Dine Al Fresco at Mount Pleasant and Columbia Heights Main Streets’ Streateries

Take a walk down Columbia Heights’ 11th Street corridor, and you’ll find the landscape has changed. Instead of parked cars, small groups of diners are gathered at tables and lounge spaces in the parking lane in front of Makan and Queen’s English. About a mile west, along Mount Pleasant St NW, is a very similar scene. Thanks to Mayor Bowser’s phased reopening plan, main streets all around the city have embraced the opportunity to transform parts of the road into “streateries.” 

“We felt the streatery was the best platform to safely provide a dining experience,” says Mount Pleasant restaurant, Mola’s, general manager, Micky. “We are cautiously optimistic during this time – our safety and our guests’ safety along with operation logistics remain paramount.” Mola’s guests had reached out during the city mandated quarantine expressing their desire to support the restaurant. In an effort to retain jobs and continue providing excellent food and drink, Mola transformed into a walk-up market and delivery grocery service, while continuing to offer take-out menu options. “We absolutely could not have been open without the amazing and genuine support from the Mount Pleasant and local community,” says Micky.

“Although restaurants are allowed to serve inside under phase two, many don’t feel comfortable and want to protect their staff and clients,” says Carolina Buitrago of District Bridges. “These streateries are a great opportunity for restaurants to be able to serve outside as well as bring back some employees.” The process to open the streateries in Columbia Heights and Mount Pleasant was in the works for several weeks ahead of their openings. On behalf of the restaurants, the city’s main streets first had to apply to take over the parking lanes and convert them into outdoor dining areas. “The application process includes registering the businesses for outdoor seating using a Google Form and completing an application in Transportation Online Permitting System (TOPS),” says Carolina. In addition to submitting site plans, each restaurant was required to provide proof of insurance that met the Office of Risk Management’s requirements. “[The requirements] were decreased this week as the cost was too high for the restaurants and it was a barrier for businesses wanting to participate,” says Carolina.

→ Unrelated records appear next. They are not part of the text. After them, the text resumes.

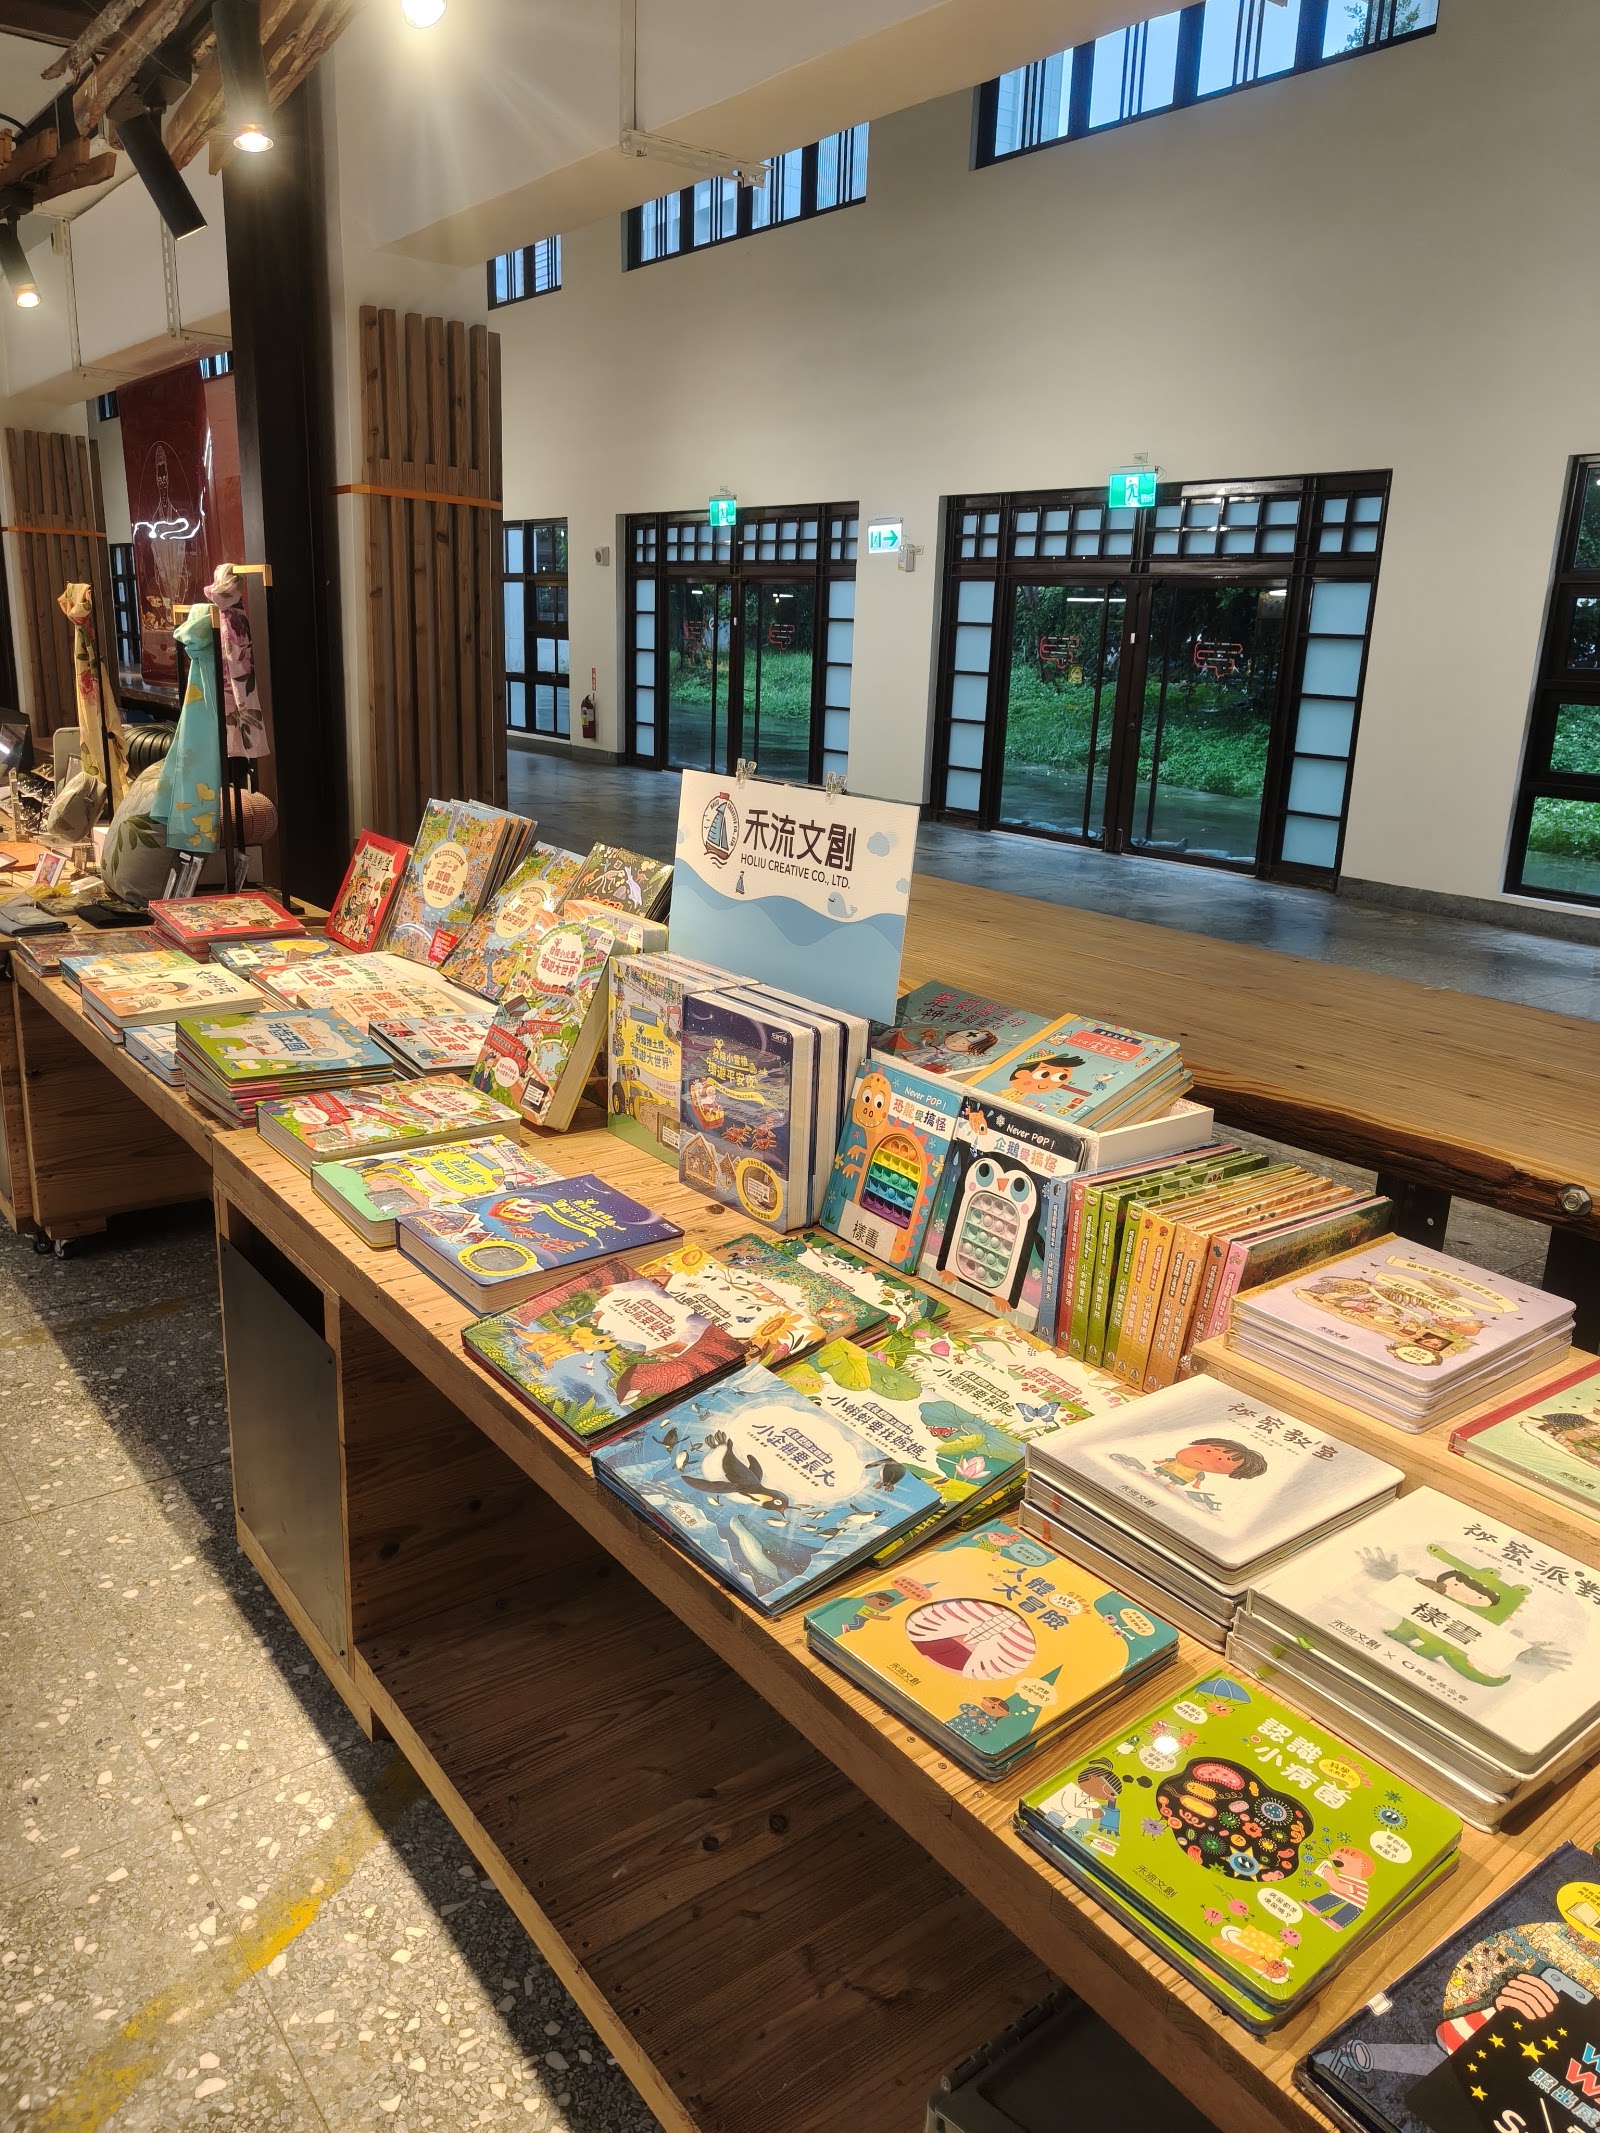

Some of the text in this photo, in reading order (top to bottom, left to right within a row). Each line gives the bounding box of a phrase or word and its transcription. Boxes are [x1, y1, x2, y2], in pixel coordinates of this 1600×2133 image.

[743, 808, 857, 872] 禾流文創
[740, 853, 851, 889] HOLIU CREATIVE CO., LTD.
[707, 1063, 755, 1088] 環遊平安夜
[904, 1087, 924, 1102] Never
[893, 1097, 947, 1132] 恐龍愛搞怪
[1006, 1123, 1029, 1139] Never
[994, 1136, 1058, 1173] 企鵝愛搞怪
[851, 1219, 880, 1250] 樣書
[612, 1298, 677, 1341] 小恐龍要變強
[933, 1368, 1016, 1417] 小刺蝟要探險
[1007, 1364, 1090, 1407] 小螞蟻要團結
[827, 1396, 927, 1463] 小蝌蚪要找媽媽
[1228, 1400, 1339, 1463] 祕密教室
[752, 1424, 836, 1488] 小企鵝要長大
[1003, 1567, 1056, 1601] 人體
[1058, 1596, 1076, 1605] 科學
[993, 1582, 1070, 1631] 大冒險
[1067, 1591, 1092, 1615] STEAM
[1330, 1617, 1382, 1650] 禾流文創
[1409, 1600, 1485, 1647] 樣書
[889, 1662, 921, 1686] 禾流文創
[1256, 1716, 1323, 1766] 認識
[1254, 1744, 1352, 1809] 小病菌
[1328, 1759, 1351, 1775] 科學
[1337, 1755, 1374, 1789] STEAM
[1134, 1864, 1176, 1899] 禾流文創
[1528, 2067, 1600, 2132] 照出威
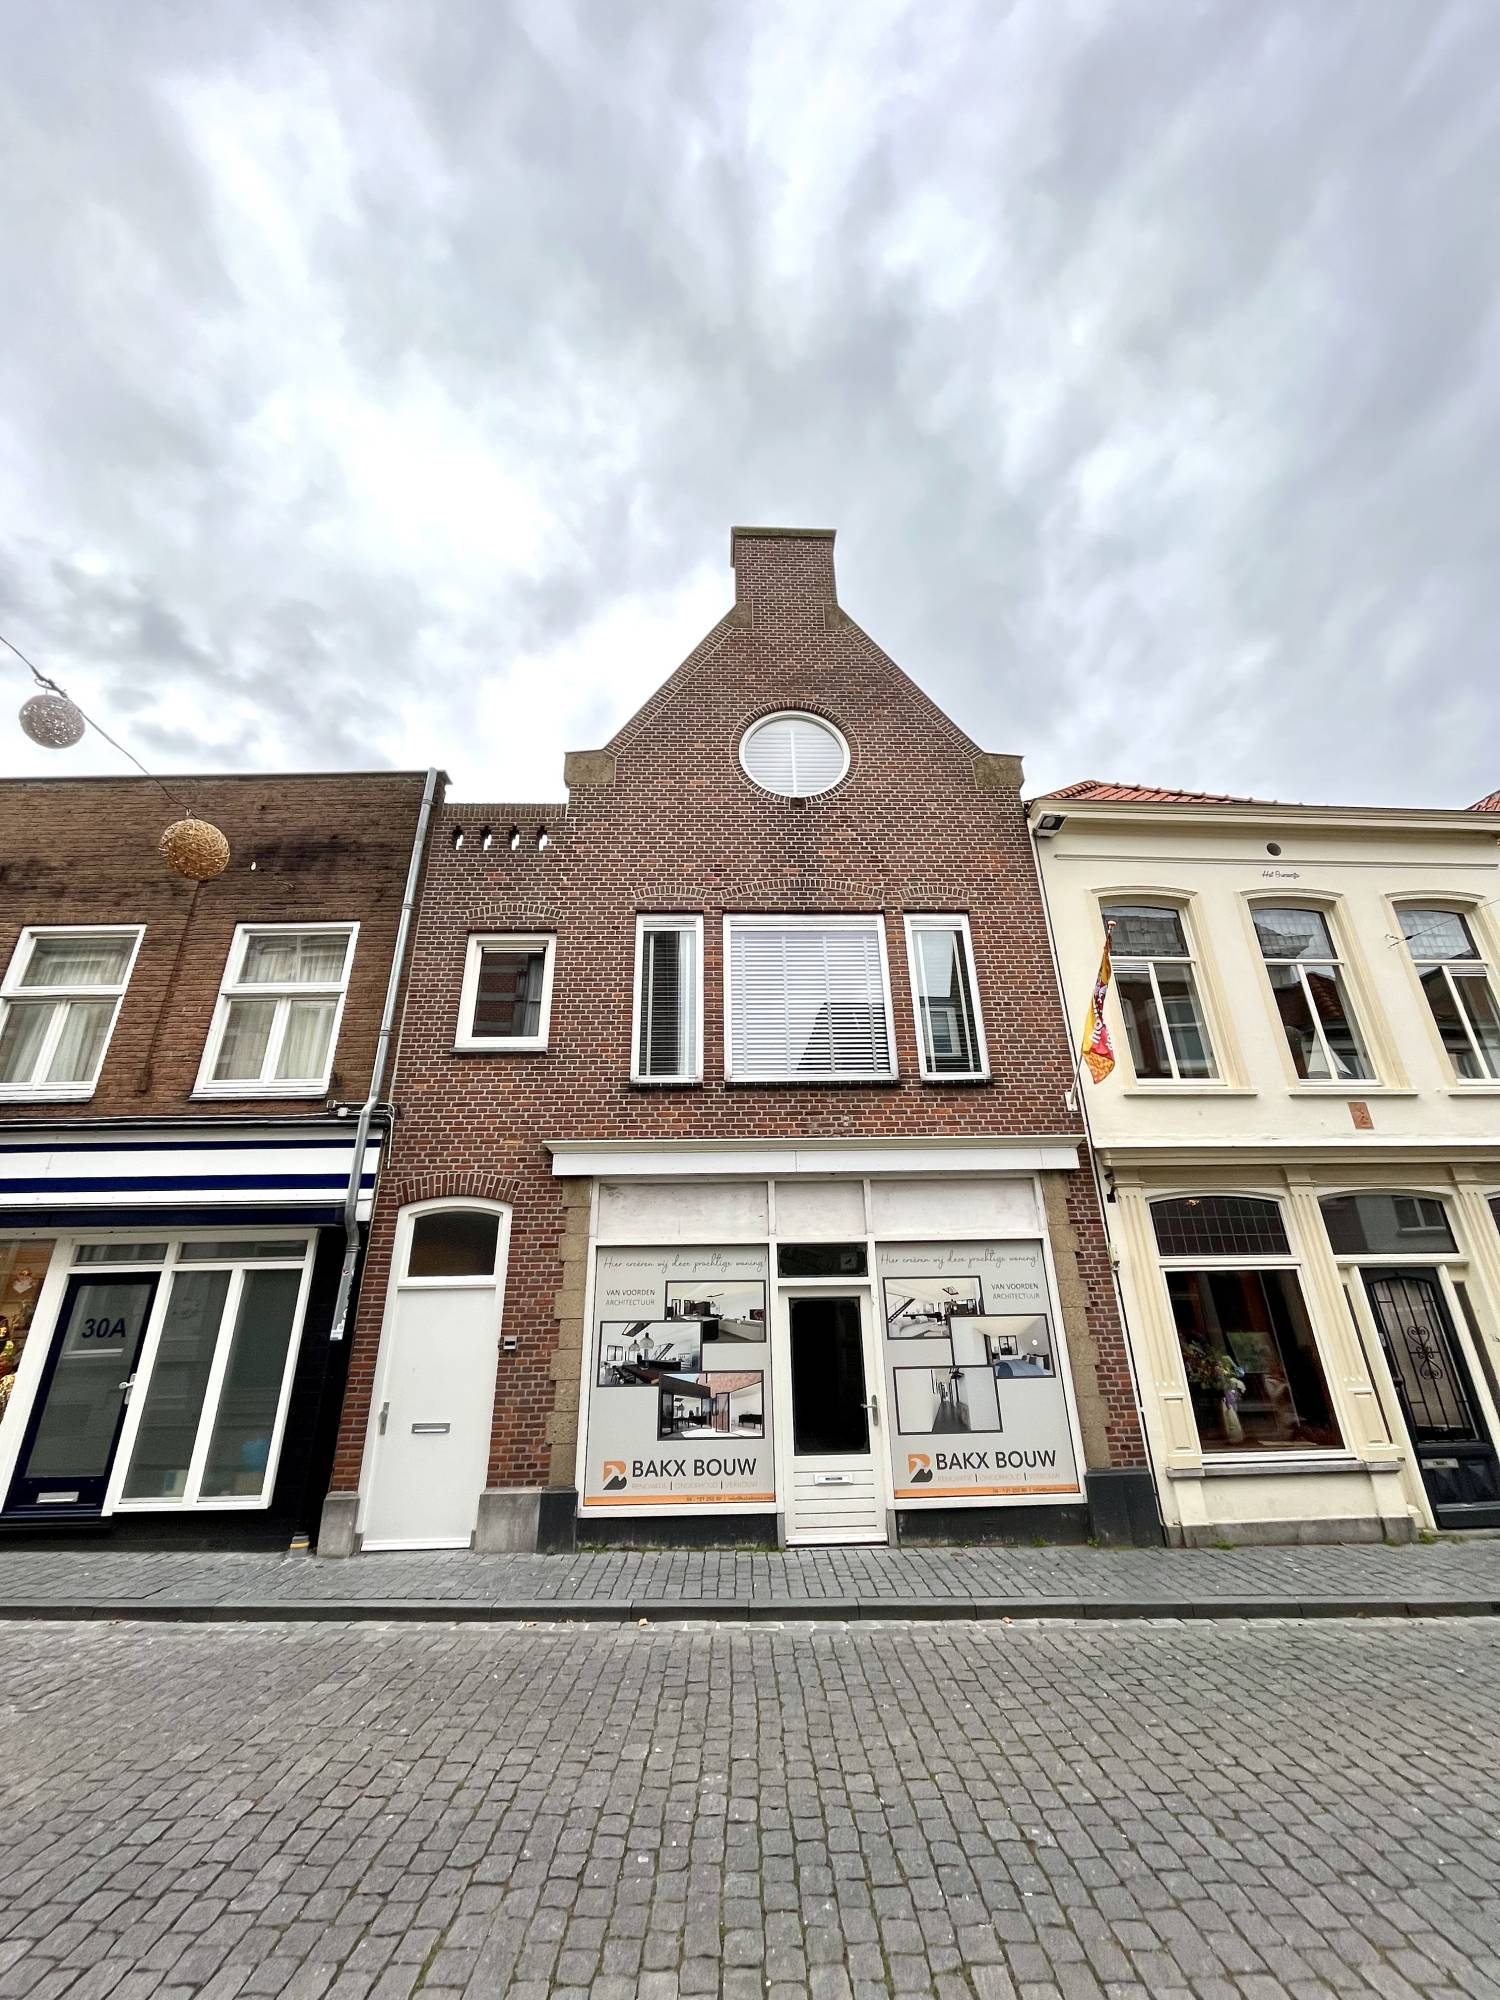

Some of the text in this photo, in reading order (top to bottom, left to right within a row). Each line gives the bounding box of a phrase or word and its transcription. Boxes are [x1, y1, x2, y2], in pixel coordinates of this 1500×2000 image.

[603, 1255, 623, 1269] Hier
[622, 1288, 656, 1296] VOORDEN
[1006, 1282, 1039, 1290] VOORDEN
[992, 1292, 1040, 1300] ARCHITECTUUR
[81, 1317, 127, 1338] 30A
[935, 1449, 1057, 1470] BAKX BOUW
[632, 1457, 757, 1478] BAKX BOUW
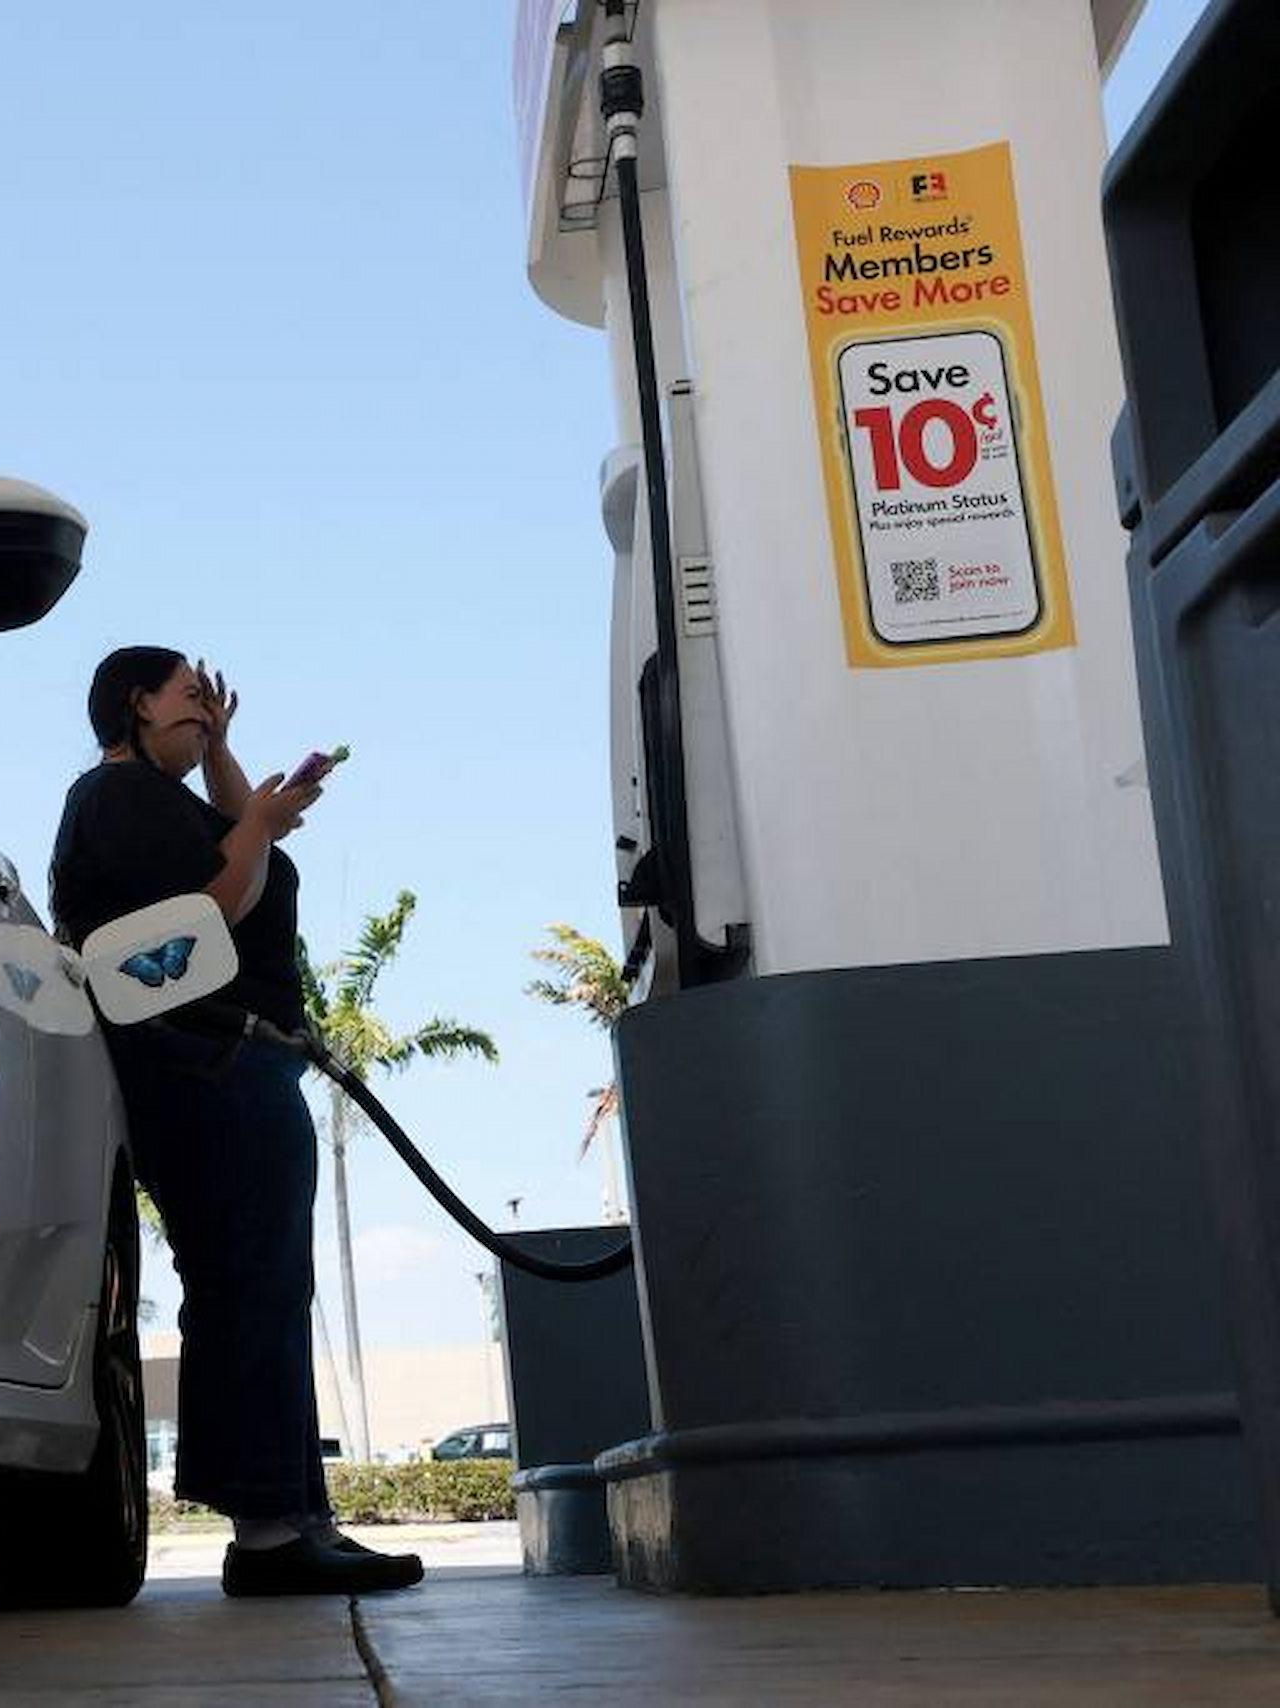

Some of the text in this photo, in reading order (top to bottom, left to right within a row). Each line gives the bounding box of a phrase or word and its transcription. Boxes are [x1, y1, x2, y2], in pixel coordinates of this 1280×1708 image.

[832, 226, 873, 247] Fuel
[825, 243, 993, 282] Members
[816, 275, 1010, 315] Save More
[868, 363, 969, 395] Save
[872, 493, 1008, 517] Platinum Status
[948, 564, 1001, 577] Scan to

“It’s a great feeling to bring back some of the staff that we had off.”

Kendrick, Part-Owner of Makan

After the applications were submitted, they were then approved by various DC agencies, including DDOT and ABRA. “Since this was a new process, District Bridges worked closely with DDOT staff to get the streateries’ applications processed and approved,” says Carolina. Micky, of Mola, expressed gratitude for their assistance, “We are extremely grateful for the opportunity District Bridges has secured for us to operate as a streatery and give this a go!” 

At Makan in Columbia Heights, the feeling is mutual. “It’s a great feeling to bring back some of the staff that we had off,” says Kendrick, one of the owners of Makan. After the difficult decision of temporarily laying off his staff just one week after their opening, he’s excited to be reopened. “Our situation is a bit special in that we never truly had a chance to get the business off the ground,” says Kendrick. “We had our grand opening a week before the shut down so, for all intents and purposes, this is our official opening.” 

The Malaysian restaurant, which took over the old Meridian Pint space, now boasts an expanded patio with dozens of tables spaced 6’ apart. Right next door, Queen’s English has set up a lounge-like area with outdoor couches, roped off from traffic by a braided red rope. Between the two restaurants, there’s plenty of space for small groups of diners to indulge in a little food and drink al fresco. “We’ve been blessed to operate in a great neighborhood and appreciate everyone’s support during these challenging times. Without them, we would not have been able to weather the pandemic,” says Kendrick. “Even though we are only operating at partial capacity, we will continuously strive to put out the best product possible and aim to be a great addition to a great neighborhood.”

Although the current end date for the streateries is July 24th, District Bridges expects them to get extended pending Mayor Bowser’s extension of the public health emergency. “We hope [they] will continue to bring a sense of joy to the neighborhood while providing a safe space to eat,” says Carolina. In addition to Queen’s English, Makan, and Mola, Purple Patch in Mount Pleasant is also offering outdoor dining through the streatery. District Bridges has also applied on behalf of Maydan on the U Street Main Street, and Rice and Pearl Dive on Logan Circle’s main street. Carolina says that the public reception has been overwhelmingly positive, and encourages the community to take advantage of them while they can, “The weather is perfect to eat outside so make sure to stop by one of the streateries!”